Photo via Instagram / mjmlawsatx
Lost Maples State Natural Area
37221 FM 187, (830) 966-3413, tpwd.texas.gov
You thought you had to visit the East Coast to see the seasons change color? Oh no baby, what is you doing? Honestly, though, you’ve gotta get there pretty early, because the park will reach full capacity pretty quickly after they open. Because it’s so beautiful. I mean, look at it.
Photo via Instagram / lostmaples
Hill Country State Natural Area
10600 Bandera Creek Rd, tpwd.texas.gov
You heard it here – you can bring your horse to this natural area. You can even camp like a cowboy, if you so desire, at one of their “primitive” (no running water) campsites. Spanning about 5,000 acres, Hill Country State Natural Area is more than just a place you can ride your horse, though. In fact, you can backpack down a canyon or up a plateau as well.
Photo via Instagram / hillcountrysna
Pace Bend Park
2011 Pace Bend Rd N, (512) 264-1482, parks.traviscountytx.gov
Located on Lake Travis near the northwest side of Austin, Pace Bend Park boasts more than nine miles of prime shoreline location. Incredible views are included, of course, in the admission cost.

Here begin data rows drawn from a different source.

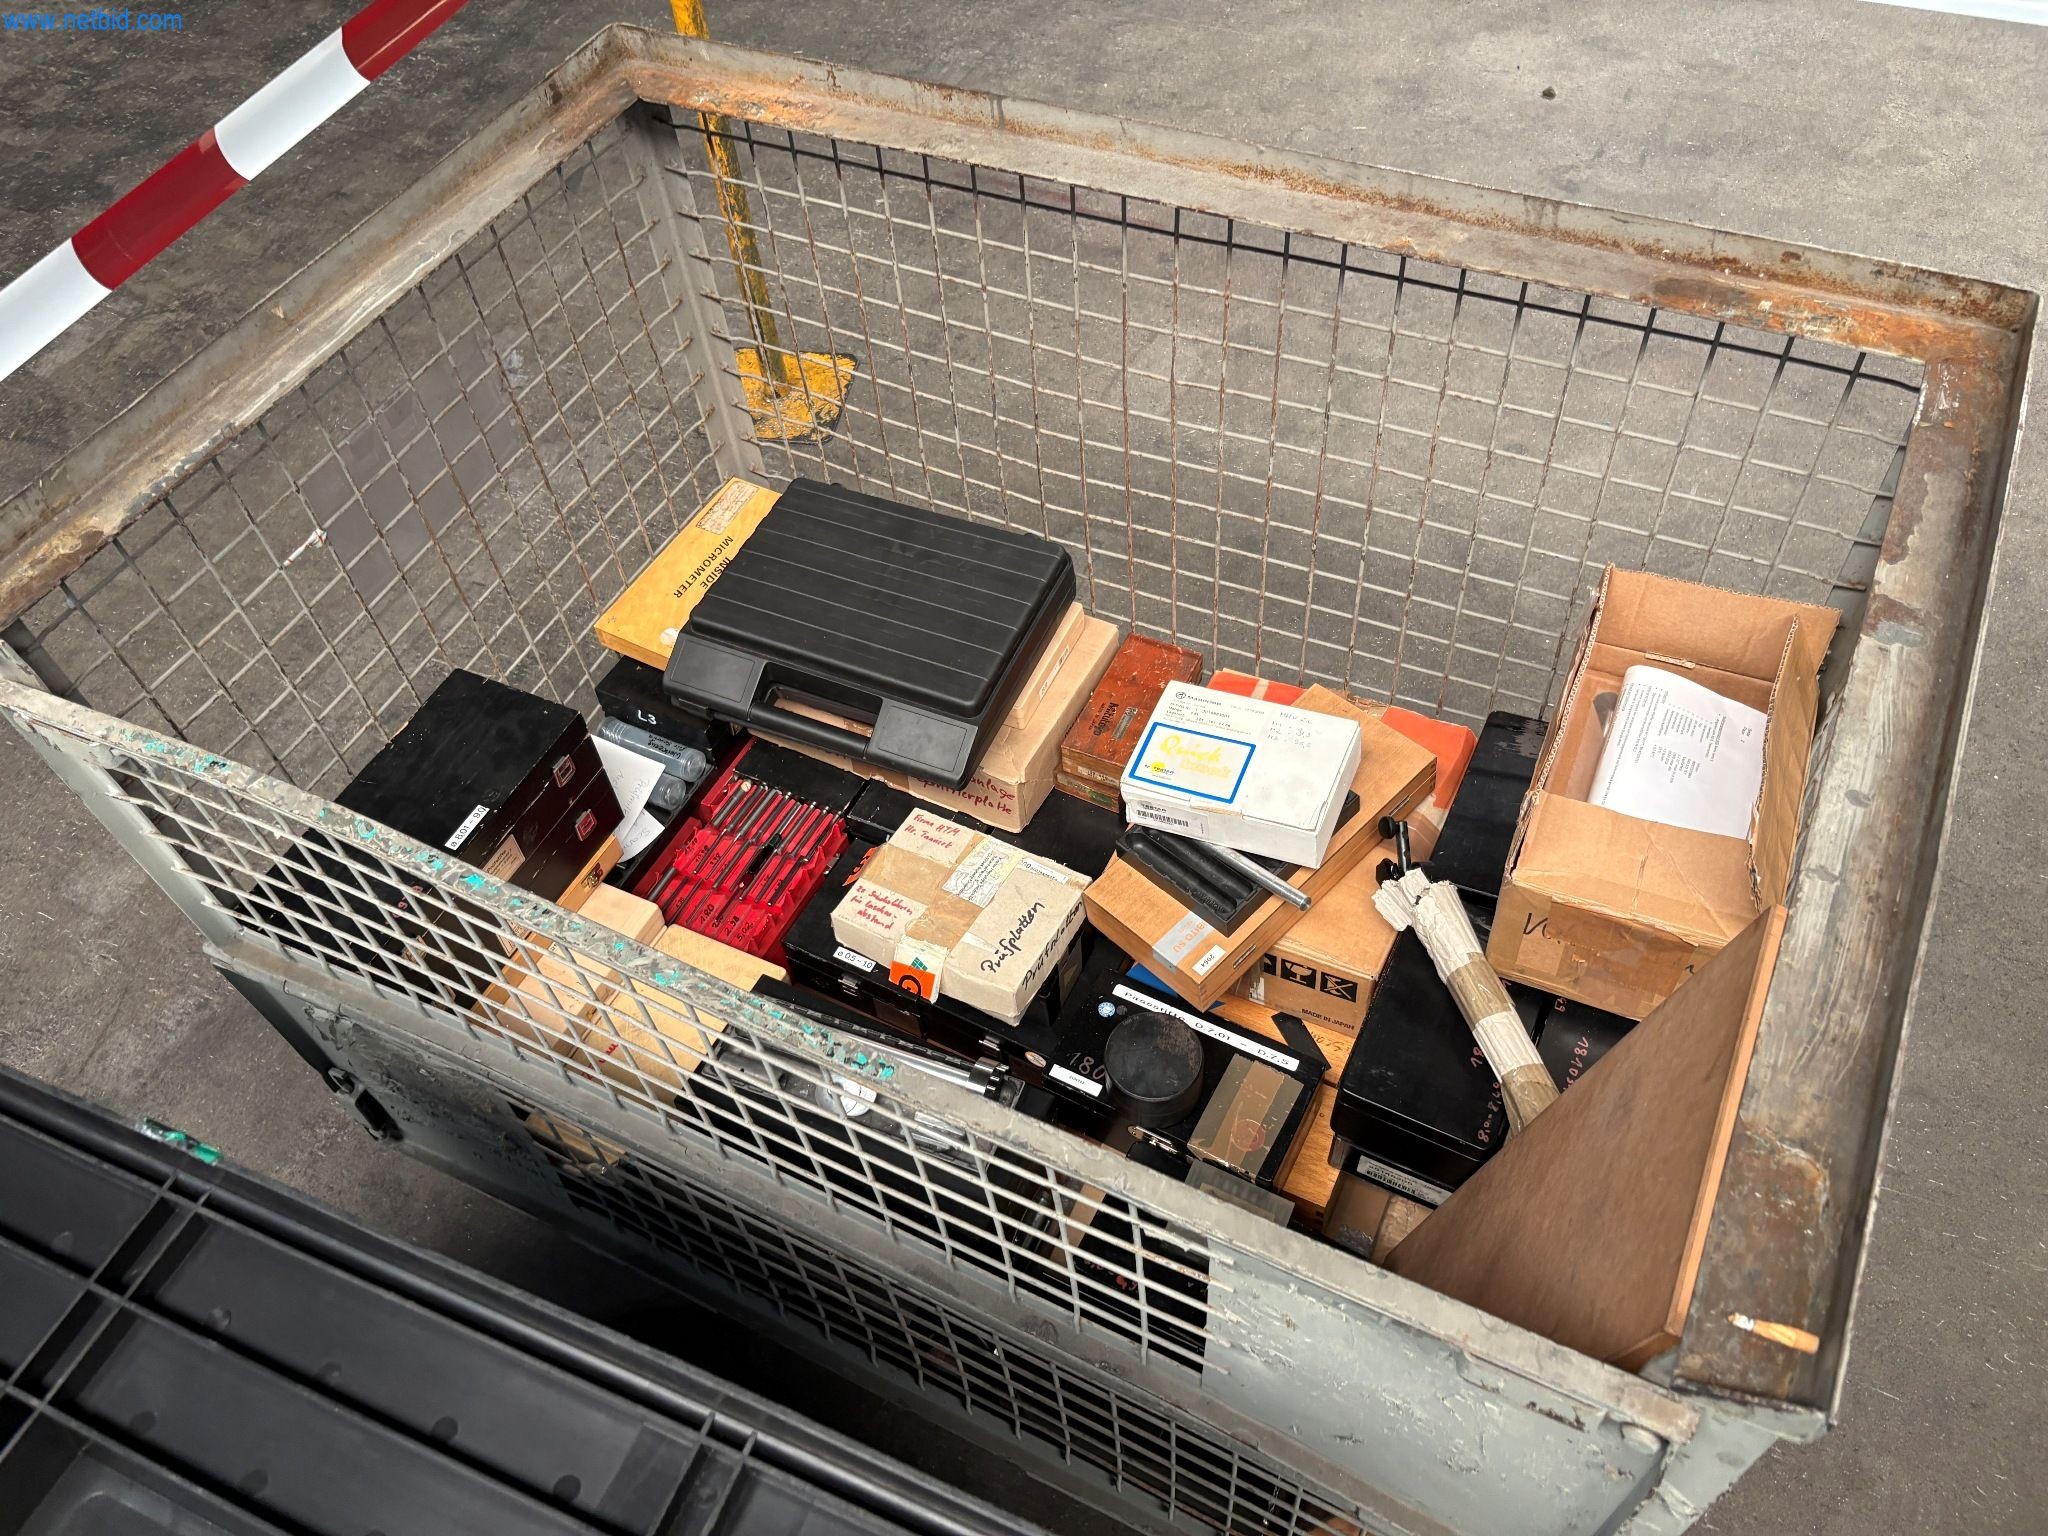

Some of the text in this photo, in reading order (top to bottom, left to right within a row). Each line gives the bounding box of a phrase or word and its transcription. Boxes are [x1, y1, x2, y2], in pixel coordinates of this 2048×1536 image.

[673, 535, 734, 599] MICROMETER
[700, 556, 731, 590] INSIDE
[637, 709, 657, 725] L3
[980, 901, 1046, 974] Prüfplatten
[1301, 1008, 1355, 1031] MADE IN JAPAN

Photo via Instagram / katekrez
Government Canyon State Natural Area
12861 Galm Rd, (210) 688-9055, tpwd.texas.gov
With around 12,000 acres and 40 miles of hiking trails, Government Canyon State Natural Area is important to Texas for more than just being an outdoor refuge where you can feel separated from the hustle and bustle of San Antonio – this area remaining undeveloped is also important to the city’s drinking water. While you’re there, be sure to look for dinosaur tracks that are more than 100 million years old, or the Ziezelmann house, which was build in the 1800s, so while it isn’t quite as old, it’s still pretty darn old.

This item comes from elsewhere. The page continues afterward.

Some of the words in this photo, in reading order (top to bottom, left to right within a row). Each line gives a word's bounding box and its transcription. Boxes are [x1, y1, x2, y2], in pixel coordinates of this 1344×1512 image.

Photo via Instagram / governmentcanyon
River Bend Park
118 River Bend Rd, (830) 249-9343, visitboerne.org
Also known as James Kiehl Park, River Bend Park is located in Kendall County, somewhere along IH-10 between Boerne and Kerrville. Birdwatchers from many surrounding counties call this park their preferred destination, and a wildlife census is held every month for documentation purposes. With three loops of varying difficulty and terrain, these trails are a can’t-miss for your bird-watching friends.
Photo via Instagram / treehouseemily
Barton Creek Greenbelt
3755 S Capital of Texas Hwy B, austinparks.org
This park would make a lovely stop during a day trip to Austin – especially since spring is coming and that’s when the water is known to run in Barton Creek. These trails are heavily trafficked and are also dog-friendly, so be prepared to socialize with other pet parents.

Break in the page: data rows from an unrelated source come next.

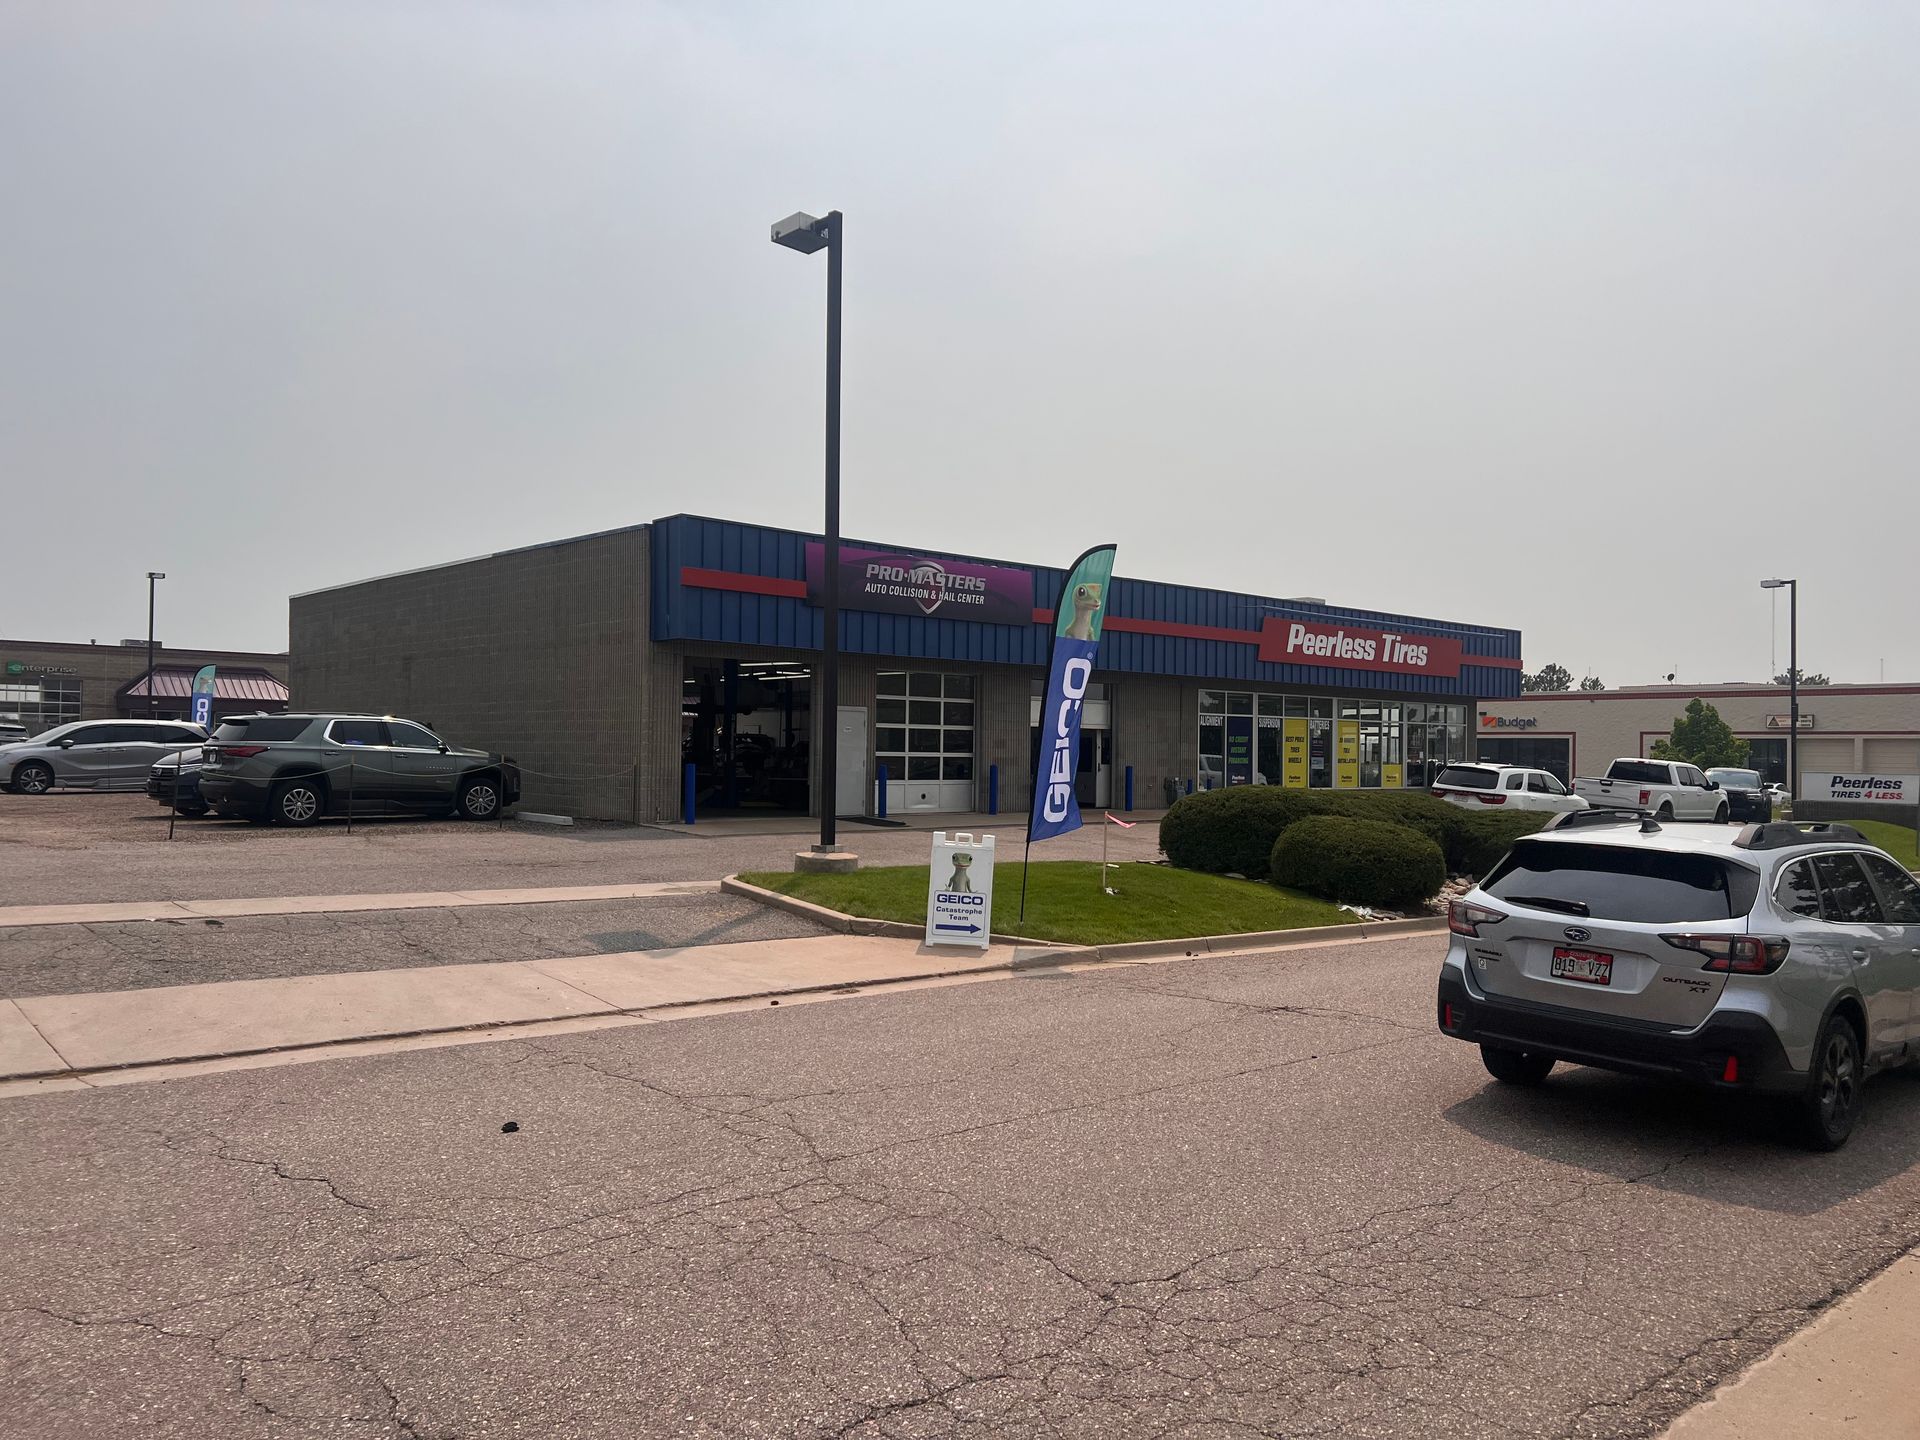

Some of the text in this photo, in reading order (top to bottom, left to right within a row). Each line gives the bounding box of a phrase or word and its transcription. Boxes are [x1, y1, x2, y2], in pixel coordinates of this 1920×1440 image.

[865, 583, 985, 605] AUTO COLLISION & HAIL CENTER
[1286, 623, 1428, 666] Peerless Tires
[8, 663, 78, 673] enterprise
[1200, 716, 1223, 727] ALIGNMENT
[1497, 717, 1537, 729] Budget
[1043, 656, 1093, 824] GEICO
[1830, 775, 1903, 789] Peerless
[1831, 790, 1861, 798] TIRES
[1864, 790, 1873, 799] 4
[936, 893, 984, 905] GEICO
[935, 906, 983, 915] Catastrophe
[1553, 956, 1610, 978] 819 VZZ
[1662, 976, 1712, 987] OUTBACK

Photo via Instagram / johnnyscalise
Medina River Natural Area
15890 TX-16, (210) 207-7275, sanantonio.gov
With campsites available for rental for $20 a night, that’s way cheaper than any hotel you’d want to stay at, and probably a lot more fun if you bring your friends. Or don’t – they say that being alone in nature is the best place to contemplate your existence and face your own mortality. Yikes, that got dark.
Photo via Instagram / mrssaenzrocks
Friedrich Wilderness Park
21395 Milsa Dr, (210) 207-3781, sanantonio.gov
Protect this area at all costs! Friedrich Wilderness Park is not only home to two federally listed endangered songbird species and is nationally known for birdwatching opportunities, but they have wheelchair accessible hiking routes to boot. In all, this park has around ten miles of paved and unpaved paths over six hundred acres of raw wilderness.
Photo via Instagram / karlo.antonio33
Comanche Lookout Park
15551 Nacogdoches Rd, (210) 207-7275, sanantonio.gov
Could this park be haunted? Some think so. With one of the highest points in Bexar County, the hill was a major landmark in the 1700s. Various tribes of Native Americans also used the grounds for hunting and warfare, so some say that you can hear drums and chanting at night. Also, can you believe that at 96 acres, Comanche Lookout Park is one of San Antonio’s smaller parks?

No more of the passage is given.